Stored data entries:
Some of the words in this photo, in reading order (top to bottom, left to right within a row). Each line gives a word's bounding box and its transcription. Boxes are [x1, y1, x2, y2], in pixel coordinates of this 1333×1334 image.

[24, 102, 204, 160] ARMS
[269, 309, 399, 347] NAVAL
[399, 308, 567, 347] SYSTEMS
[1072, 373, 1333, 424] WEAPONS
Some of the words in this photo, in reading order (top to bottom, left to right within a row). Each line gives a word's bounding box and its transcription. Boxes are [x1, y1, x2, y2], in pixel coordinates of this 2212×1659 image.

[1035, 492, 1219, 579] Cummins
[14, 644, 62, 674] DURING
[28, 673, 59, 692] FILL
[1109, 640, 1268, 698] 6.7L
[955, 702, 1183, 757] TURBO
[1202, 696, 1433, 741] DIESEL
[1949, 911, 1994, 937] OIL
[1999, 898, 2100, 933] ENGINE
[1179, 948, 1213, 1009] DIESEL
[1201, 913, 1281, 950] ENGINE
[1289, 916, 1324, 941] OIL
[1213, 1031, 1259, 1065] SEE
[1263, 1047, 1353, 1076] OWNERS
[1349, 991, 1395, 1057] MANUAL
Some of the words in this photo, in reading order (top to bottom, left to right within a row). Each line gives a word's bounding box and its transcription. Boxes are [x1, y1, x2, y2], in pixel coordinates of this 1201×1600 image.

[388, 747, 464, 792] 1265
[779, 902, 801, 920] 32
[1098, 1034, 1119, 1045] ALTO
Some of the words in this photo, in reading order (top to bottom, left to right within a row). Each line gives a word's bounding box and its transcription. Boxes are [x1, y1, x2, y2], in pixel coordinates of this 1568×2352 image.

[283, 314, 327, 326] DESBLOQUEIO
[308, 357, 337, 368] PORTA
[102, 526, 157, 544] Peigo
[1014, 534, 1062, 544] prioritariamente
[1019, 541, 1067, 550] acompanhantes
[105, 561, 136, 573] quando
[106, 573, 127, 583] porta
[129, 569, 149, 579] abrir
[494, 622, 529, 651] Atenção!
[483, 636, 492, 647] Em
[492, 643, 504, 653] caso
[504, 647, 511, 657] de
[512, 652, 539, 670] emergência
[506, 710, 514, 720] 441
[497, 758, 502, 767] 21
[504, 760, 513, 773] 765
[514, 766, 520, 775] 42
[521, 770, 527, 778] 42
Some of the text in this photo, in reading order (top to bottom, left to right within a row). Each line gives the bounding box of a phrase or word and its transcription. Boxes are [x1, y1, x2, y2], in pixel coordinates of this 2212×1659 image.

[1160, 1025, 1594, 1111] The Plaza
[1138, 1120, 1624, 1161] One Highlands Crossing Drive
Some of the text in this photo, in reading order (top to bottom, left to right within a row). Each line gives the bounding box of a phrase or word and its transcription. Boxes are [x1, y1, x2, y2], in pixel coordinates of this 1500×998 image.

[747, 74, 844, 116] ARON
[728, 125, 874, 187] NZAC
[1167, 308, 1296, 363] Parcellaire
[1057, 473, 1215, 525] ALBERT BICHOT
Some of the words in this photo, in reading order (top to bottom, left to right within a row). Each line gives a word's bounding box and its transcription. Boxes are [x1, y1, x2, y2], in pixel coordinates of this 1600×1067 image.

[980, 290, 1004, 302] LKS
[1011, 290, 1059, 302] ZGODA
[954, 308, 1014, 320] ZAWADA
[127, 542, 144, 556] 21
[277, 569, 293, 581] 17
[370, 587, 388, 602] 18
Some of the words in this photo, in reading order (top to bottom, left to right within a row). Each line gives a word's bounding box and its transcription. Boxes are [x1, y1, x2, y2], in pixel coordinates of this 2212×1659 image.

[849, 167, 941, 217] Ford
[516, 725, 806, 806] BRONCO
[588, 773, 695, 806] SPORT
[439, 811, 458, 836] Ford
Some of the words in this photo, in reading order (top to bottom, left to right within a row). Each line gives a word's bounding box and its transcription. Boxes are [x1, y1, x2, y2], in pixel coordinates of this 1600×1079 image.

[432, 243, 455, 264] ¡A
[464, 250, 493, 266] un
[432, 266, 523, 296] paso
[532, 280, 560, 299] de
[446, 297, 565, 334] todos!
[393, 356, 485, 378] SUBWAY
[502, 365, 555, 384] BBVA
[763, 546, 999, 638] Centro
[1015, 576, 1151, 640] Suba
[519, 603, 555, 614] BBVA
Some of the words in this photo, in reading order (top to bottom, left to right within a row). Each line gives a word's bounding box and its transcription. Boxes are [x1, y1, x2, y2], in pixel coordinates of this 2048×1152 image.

**Try it**
Word for word, transcribe the data shown above.

**Solved exercise**
Some of the words in this photo, in reading order (top to bottom, left to right within a row). Each line gives a word's bounding box and its transcription. Boxes are [x1, y1, x2, y2], in pixel coordinates of this 1333×1334 image.

[24, 102, 204, 160] ARMS
[269, 309, 399, 347] NAVAL
[399, 308, 567, 347] SYSTEMS
[1072, 373, 1333, 424] WEAPONS
Some of the words in this photo, in reading order (top to bottom, left to right within a row). Each line gives a word's bounding box and its transcription. Boxes are [x1, y1, x2, y2], in pixel coordinates of this 2212×1659 image.

[1035, 492, 1219, 579] Cummins
[14, 644, 62, 674] DURING
[28, 673, 59, 692] FILL
[1109, 640, 1268, 698] 6.7L
[955, 702, 1183, 757] TURBO
[1202, 696, 1433, 741] DIESEL
[1949, 911, 1994, 937] OIL
[1999, 898, 2100, 933] ENGINE
[1179, 948, 1213, 1009] DIESEL
[1201, 913, 1281, 950] ENGINE
[1289, 916, 1324, 941] OIL
[1213, 1031, 1259, 1065] SEE
[1263, 1047, 1353, 1076] OWNERS
[1349, 991, 1395, 1057] MANUAL
Some of the words in this photo, in reading order (top to bottom, left to right within a row). Each line gives a word's bounding box and its transcription. Boxes are [x1, y1, x2, y2], in pixel coordinates of this 1201×1600 image.

[388, 747, 464, 792] 1265
[779, 902, 801, 920] 32
[1098, 1034, 1119, 1045] ALTO
Some of the words in this photo, in reading order (top to bottom, left to right within a row). Each line gives a word's bounding box and its transcription. Boxes are [x1, y1, x2, y2], in pixel coordinates of this 1568×2352 image.

[283, 314, 327, 326] DESBLOQUEIO
[308, 357, 337, 368] PORTA
[102, 526, 157, 544] Peigo
[1014, 534, 1062, 544] prioritariamente
[1019, 541, 1067, 550] acompanhantes
[105, 561, 136, 573] quando
[106, 573, 127, 583] porta
[129, 569, 149, 579] abrir
[494, 622, 529, 651] Atenção!
[483, 636, 492, 647] Em
[492, 643, 504, 653] caso
[504, 647, 511, 657] de
[512, 652, 539, 670] emergência
[506, 710, 514, 720] 441
[497, 758, 502, 767] 21
[504, 760, 513, 773] 765
[514, 766, 520, 775] 42
[521, 770, 527, 778] 42
Some of the text in this photo, in reading order (top to bottom, left to right within a row). Each line gives the bounding box of a phrase or word and its transcription. Boxes are [x1, y1, x2, y2], in pixel coordinates of this 2212×1659 image.

[1160, 1025, 1594, 1111] The Plaza
[1138, 1120, 1624, 1161] One Highlands Crossing Drive
Some of the text in this photo, in reading order (top to bottom, left to right within a row). Each line gives the bounding box of a phrase or word and its transcription. Boxes are [x1, y1, x2, y2], in pixel coordinates of this 1500×998 image.

[747, 74, 844, 116] ARON
[728, 125, 874, 187] NZAC
[1167, 308, 1296, 363] Parcellaire
[1057, 473, 1215, 525] ALBERT BICHOT
Some of the words in this photo, in reading order (top to bottom, left to right within a row). Each line gives a word's bounding box and its transcription. Boxes are [x1, y1, x2, y2], in pixel coordinates of this 1600×1067 image.

[980, 290, 1004, 302] LKS
[1011, 290, 1059, 302] ZGODA
[954, 308, 1014, 320] ZAWADA
[127, 542, 144, 556] 21
[277, 569, 293, 581] 17
[370, 587, 388, 602] 18
Some of the words in this photo, in reading order (top to bottom, left to right within a row). Each line gives a word's bounding box and its transcription. Boxes are [x1, y1, x2, y2], in pixel coordinates of this 2212×1659 image.

[849, 167, 941, 217] Ford
[516, 725, 806, 806] BRONCO
[588, 773, 695, 806] SPORT
[439, 811, 458, 836] Ford
Some of the words in this photo, in reading order (top to bottom, left to right within a row). Each line gives a word's bounding box and its transcription. Boxes are [x1, y1, x2, y2], in pixel coordinates of this 1600×1079 image.

[432, 243, 455, 264] ¡A
[464, 250, 493, 266] un
[432, 266, 523, 296] paso
[532, 280, 560, 299] de
[446, 297, 565, 334] todos!
[393, 356, 485, 378] SUBWAY
[502, 365, 555, 384] BBVA
[763, 546, 999, 638] Centro
[1015, 576, 1151, 640] Suba
[519, 603, 555, 614] BBVA
Some of the words in this photo, in reading order (top to bottom, left to right within a row). Each line gives a word's bounding box and its transcription. Boxes are [x1, y1, x2, y2], in pixel coordinates of this 2048×1152 image.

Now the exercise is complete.